(Input material Opens)

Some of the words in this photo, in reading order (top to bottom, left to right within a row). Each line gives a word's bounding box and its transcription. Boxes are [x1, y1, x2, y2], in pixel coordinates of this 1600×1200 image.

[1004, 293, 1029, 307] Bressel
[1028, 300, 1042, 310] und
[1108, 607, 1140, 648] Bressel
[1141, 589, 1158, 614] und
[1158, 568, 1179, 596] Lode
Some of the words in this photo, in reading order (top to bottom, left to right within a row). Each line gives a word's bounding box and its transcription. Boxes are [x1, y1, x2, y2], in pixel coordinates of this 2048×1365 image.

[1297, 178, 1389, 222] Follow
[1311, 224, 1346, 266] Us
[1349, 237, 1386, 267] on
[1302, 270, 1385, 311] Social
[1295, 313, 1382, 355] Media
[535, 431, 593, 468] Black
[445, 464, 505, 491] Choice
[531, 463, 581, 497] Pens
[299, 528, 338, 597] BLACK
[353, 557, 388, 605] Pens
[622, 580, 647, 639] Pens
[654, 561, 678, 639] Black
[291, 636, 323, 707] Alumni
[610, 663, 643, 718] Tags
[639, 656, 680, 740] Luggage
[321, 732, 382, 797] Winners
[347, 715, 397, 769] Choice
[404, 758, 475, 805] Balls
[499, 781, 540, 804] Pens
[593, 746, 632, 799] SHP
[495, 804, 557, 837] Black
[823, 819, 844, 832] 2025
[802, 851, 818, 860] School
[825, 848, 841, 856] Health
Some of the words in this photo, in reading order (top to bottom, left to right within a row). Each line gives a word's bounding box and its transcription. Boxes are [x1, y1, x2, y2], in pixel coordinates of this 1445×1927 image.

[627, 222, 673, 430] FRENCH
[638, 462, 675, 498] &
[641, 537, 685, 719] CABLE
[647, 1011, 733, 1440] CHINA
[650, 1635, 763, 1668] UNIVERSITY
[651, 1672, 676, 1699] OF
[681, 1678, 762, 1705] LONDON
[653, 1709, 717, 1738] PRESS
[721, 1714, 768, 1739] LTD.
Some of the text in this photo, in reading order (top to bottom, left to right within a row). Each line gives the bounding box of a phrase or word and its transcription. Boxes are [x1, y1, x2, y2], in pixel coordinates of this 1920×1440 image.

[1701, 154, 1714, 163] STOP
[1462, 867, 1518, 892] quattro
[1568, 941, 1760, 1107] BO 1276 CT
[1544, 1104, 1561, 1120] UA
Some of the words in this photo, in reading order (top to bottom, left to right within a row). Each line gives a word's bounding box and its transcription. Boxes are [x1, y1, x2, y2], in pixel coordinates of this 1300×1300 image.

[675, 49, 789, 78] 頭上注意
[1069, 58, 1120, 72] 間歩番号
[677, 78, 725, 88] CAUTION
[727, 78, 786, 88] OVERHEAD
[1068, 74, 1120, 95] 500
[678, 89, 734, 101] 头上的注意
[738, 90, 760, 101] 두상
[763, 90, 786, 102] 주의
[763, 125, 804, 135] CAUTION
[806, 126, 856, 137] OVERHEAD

(Input material Closes)

Assignment: Your answer should be all of the records, transcribed exactly.

Problem solution:
Some of the words in this photo, in reading order (top to bottom, left to right within a row). Each line gives a word's bounding box and its transcription. Boxes are [x1, y1, x2, y2], in pixel coordinates of this 1600×1200 image.

[1004, 293, 1029, 307] Bressel
[1028, 300, 1042, 310] und
[1108, 607, 1140, 648] Bressel
[1141, 589, 1158, 614] und
[1158, 568, 1179, 596] Lode
Some of the words in this photo, in reading order (top to bottom, left to right within a row). Each line gives a word's bounding box and its transcription. Boxes are [x1, y1, x2, y2], in pixel coordinates of this 2048×1365 image.

[1297, 178, 1389, 222] Follow
[1311, 224, 1346, 266] Us
[1349, 237, 1386, 267] on
[1302, 270, 1385, 311] Social
[1295, 313, 1382, 355] Media
[535, 431, 593, 468] Black
[445, 464, 505, 491] Choice
[531, 463, 581, 497] Pens
[299, 528, 338, 597] BLACK
[353, 557, 388, 605] Pens
[622, 580, 647, 639] Pens
[654, 561, 678, 639] Black
[291, 636, 323, 707] Alumni
[610, 663, 643, 718] Tags
[639, 656, 680, 740] Luggage
[321, 732, 382, 797] Winners
[347, 715, 397, 769] Choice
[404, 758, 475, 805] Balls
[499, 781, 540, 804] Pens
[593, 746, 632, 799] SHP
[495, 804, 557, 837] Black
[823, 819, 844, 832] 2025
[802, 851, 818, 860] School
[825, 848, 841, 856] Health
Some of the words in this photo, in reading order (top to bottom, left to right within a row). Each line gives a word's bounding box and its transcription. Boxes are [x1, y1, x2, y2], in pixel coordinates of this 1445×1927 image.

[627, 222, 673, 430] FRENCH
[638, 462, 675, 498] &
[641, 537, 685, 719] CABLE
[647, 1011, 733, 1440] CHINA
[650, 1635, 763, 1668] UNIVERSITY
[651, 1672, 676, 1699] OF
[681, 1678, 762, 1705] LONDON
[653, 1709, 717, 1738] PRESS
[721, 1714, 768, 1739] LTD.
Some of the text in this photo, in reading order (top to bottom, left to right within a row). Each line gives the bounding box of a phrase or word and its transcription. Boxes are [x1, y1, x2, y2], in pixel coordinates of this 1920×1440 image.

[1701, 154, 1714, 163] STOP
[1462, 867, 1518, 892] quattro
[1568, 941, 1760, 1107] BO 1276 CT
[1544, 1104, 1561, 1120] UA
Some of the words in this photo, in reading order (top to bottom, left to right within a row). Each line gives a word's bounding box and its transcription. Boxes are [x1, y1, x2, y2], in pixel coordinates of this 1300×1300 image.

[675, 49, 789, 78] 頭上注意
[1069, 58, 1120, 72] 間歩番号
[677, 78, 725, 88] CAUTION
[727, 78, 786, 88] OVERHEAD
[1068, 74, 1120, 95] 500
[678, 89, 734, 101] 头上的注意
[738, 90, 760, 101] 두상
[763, 90, 786, 102] 주의
[763, 125, 804, 135] CAUTION
[806, 126, 856, 137] OVERHEAD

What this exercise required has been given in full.